Minggu, 07 Agustus 2011

Senyum yang Memudar


Hari ini, sempurna istimewa.

Aku kebanjiran ucapan serta doa-doa. Ada yang berdoa supaya sukses, semoga perkerjan lancar dan ada pula yang iseng berdoa moga cepat dapat jodoh. Ah..,ada-ada saja.
Di kamarku, ada sedikit tumpukan kado yang sebenarnya tidak pernah aku harapkan apalagi sampai aku minta. Tapi tak apalah, di atas semua itu aku sangat berterima kasih atas perhatian mereka. Ternyata memang asyik punya banyak teman dan saudara seperjuangan. Semoga esok lusa aku diberi sedikit kelapangan rizki untuk membalas kebaikan mereka.  

Dan yang paling penting, hari ini, hatiku masih berbunga-bunga, merekah seindah mawar. Tengoklah, dia masih tersenyum kepadaku, masih dengan senyum cerahnya. Secerah sang mentari dhuha.

Dengan bisikan pelan dia bertanya kepadaku.

“ Abang ingin hadiah apa?”

Aku menggeleng. Jarak kami hanya selangkah.

Aku beranjak menuju jendela. Memandang ke luar. Gerimis mulai turun perlahan. Aku menghela nafas panjang. Tanganku pelan menyentuh kaca jendela yang berembun. Dingin seketika menyergap ujung jari. Mengalir ke telapak tangan melalui pergelangan, menerobos siku, bahu, kemudian tiba di hatiku.
Membekukan perasaan
Mengkristalkan semua keinginan
Sore ini, aku ingin menangis dalam kebahagiaan ini.

***
” ayolah, abang ingin hadiah apa? Ini kan hari spesialmu,”
Dia bertanya lagi.

Aku tetap menggeleng. Tidak. Aku tak ingin hadiah apa-apa. Lebih tepatnya, sejak kecil aku terbiasa dibesarkan tanpa hadiah, kejutan dan sejenisnya. Bagiku hadiah hanya berbentuk cerita-cerita menarik dari Bapak, dan masakan spesial mamak serta jenis hadiah yang tidak lazim yang kalian banyangkan.

” Abang sungguh tidak ingin hadiah apa-apa?” dia mencoba menggodaku.

Aku terdiam sejenak.

” Sungguh, abang tidak mengharapkan apa-apa. Abang hanya ingin Lili lekas sembuh,” aku menjawab terbata-bata.

Dia masih tersenyum. Menatapku. ” itu bukan hadiah bang, itu keniscayaan,”

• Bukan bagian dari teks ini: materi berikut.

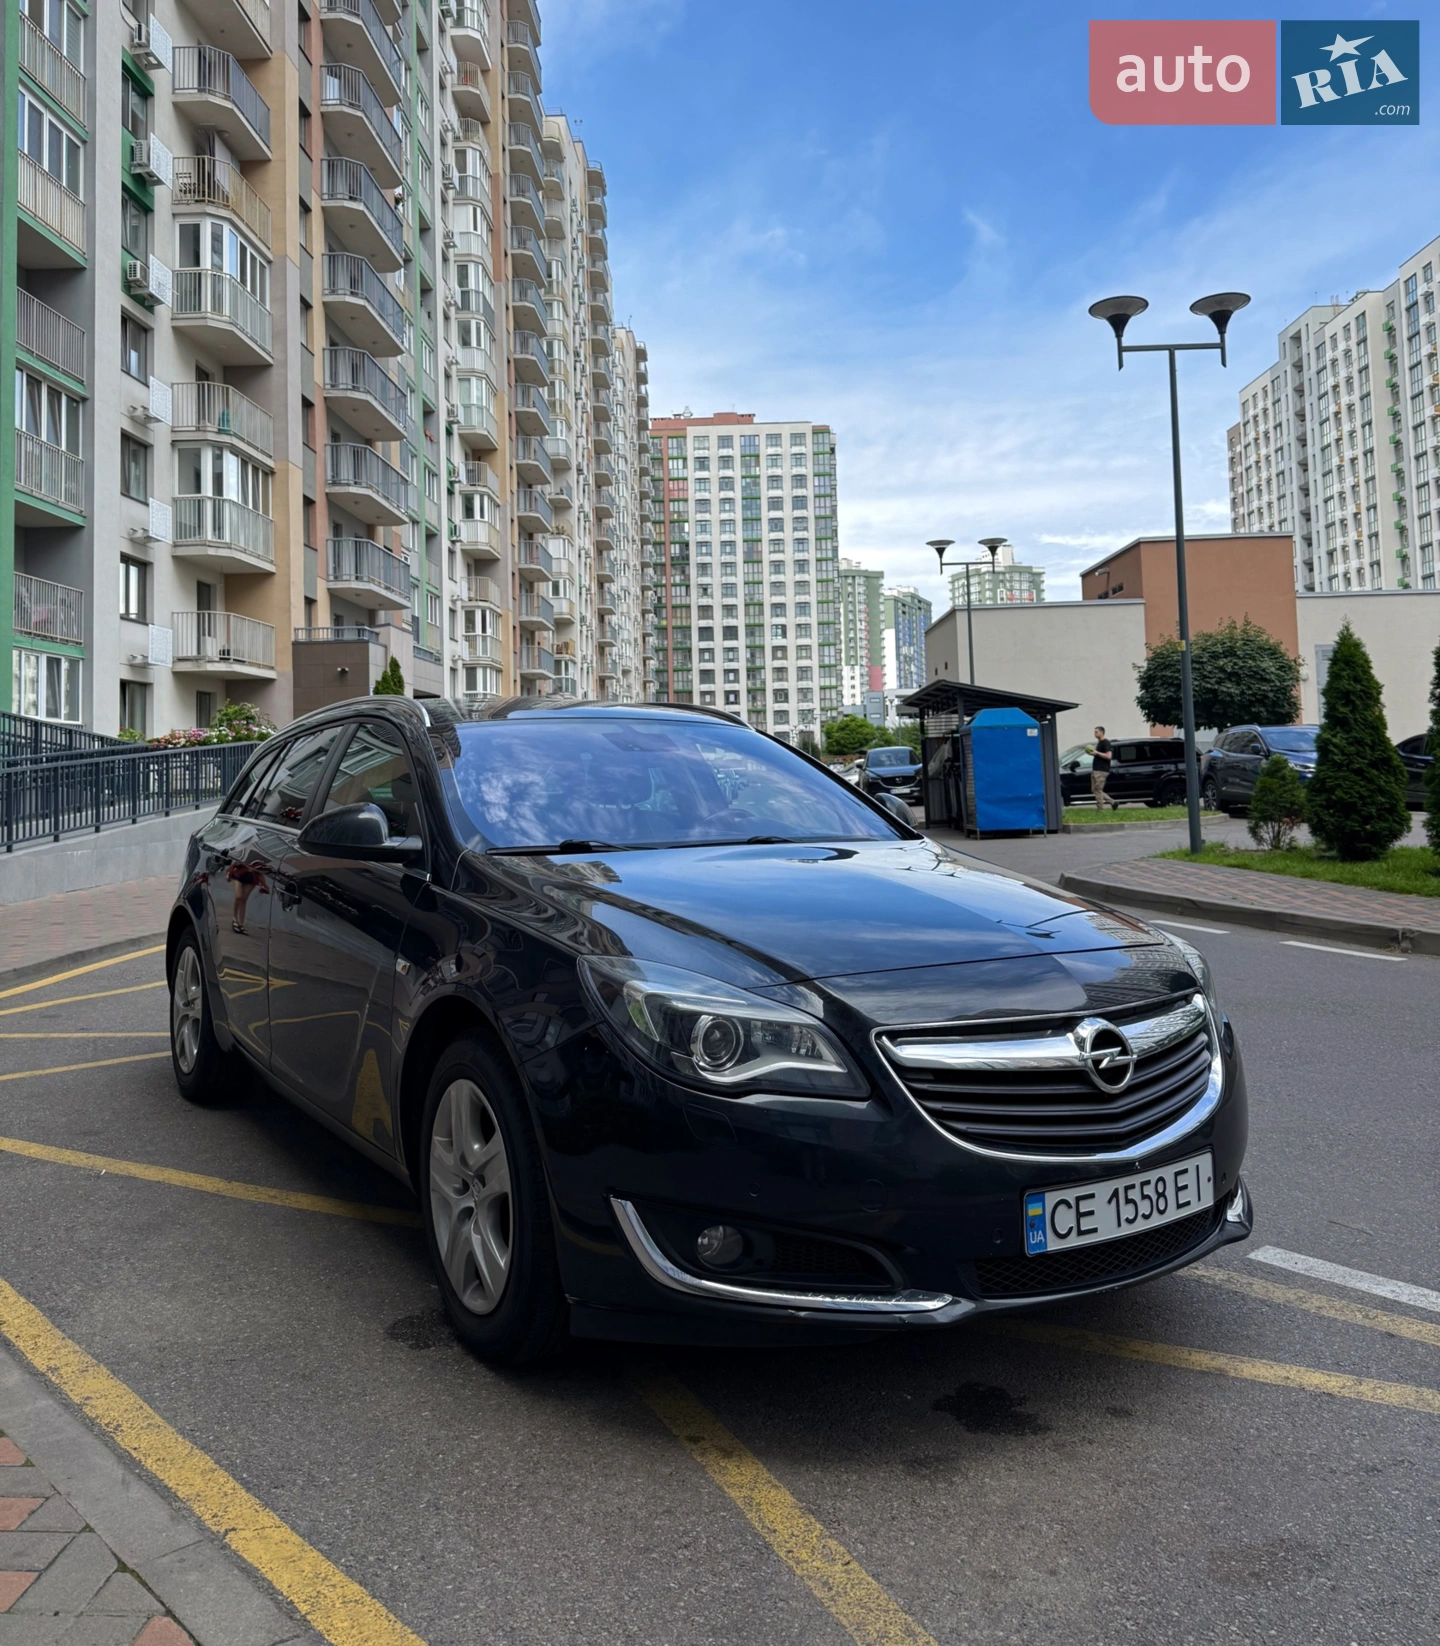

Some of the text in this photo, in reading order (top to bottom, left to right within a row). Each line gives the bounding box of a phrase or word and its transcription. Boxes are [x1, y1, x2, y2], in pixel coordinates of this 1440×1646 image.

[1050, 1164, 1202, 1240] CE 1558 EI
[1029, 1231, 1045, 1245] UA

Aku tertegun. Aku tak mengerti. Perkataan macam apa itu. Mengapa dia bicara tentang keniscayaan. Bukankah selama ini dia selalu cerita tentang sebuah optimisme. Tentang janji-janji masa depan.

Memang, beberapa bulan terakhir, dia terbaring lemas di atas tempat tidur. Dokter sudah memvonis sakitnya. Lihatlah, badannya mulai tampak kurus. Sakit itu perlahan menggerogoti tubuhnya. Padahal dulu ia adalah wanita  yang sangat enerjik, kreatif, brilian, aktivis mahasiswa, dan sungguh dia sangat ramah pada setiap orang.

Kawan, coba bayangkan, kali ini, dalam kedaan terbaring lemah dia masih sempat membuatku tersanjung.

” Bang, tersenyumlah. Tersenyumlah untukku ”
” Oya..apakah abang tahu. Abang adalah laki-laki yang baik. Teramat baik malah. Aku yakin, kelak, pasti sangat beruntung wanita yang mendampingimu, ”

C-u-k-u-p

Sungguh semua itu tidak akan berarti apa-apa tapna kesembuhanmu

Ya Allah.., lihatlah, Dia pandai sekali. Amat pandai membesarkan hati orang lain. Padahal aku tahu persis dia sedang menangis dalam senyumnya.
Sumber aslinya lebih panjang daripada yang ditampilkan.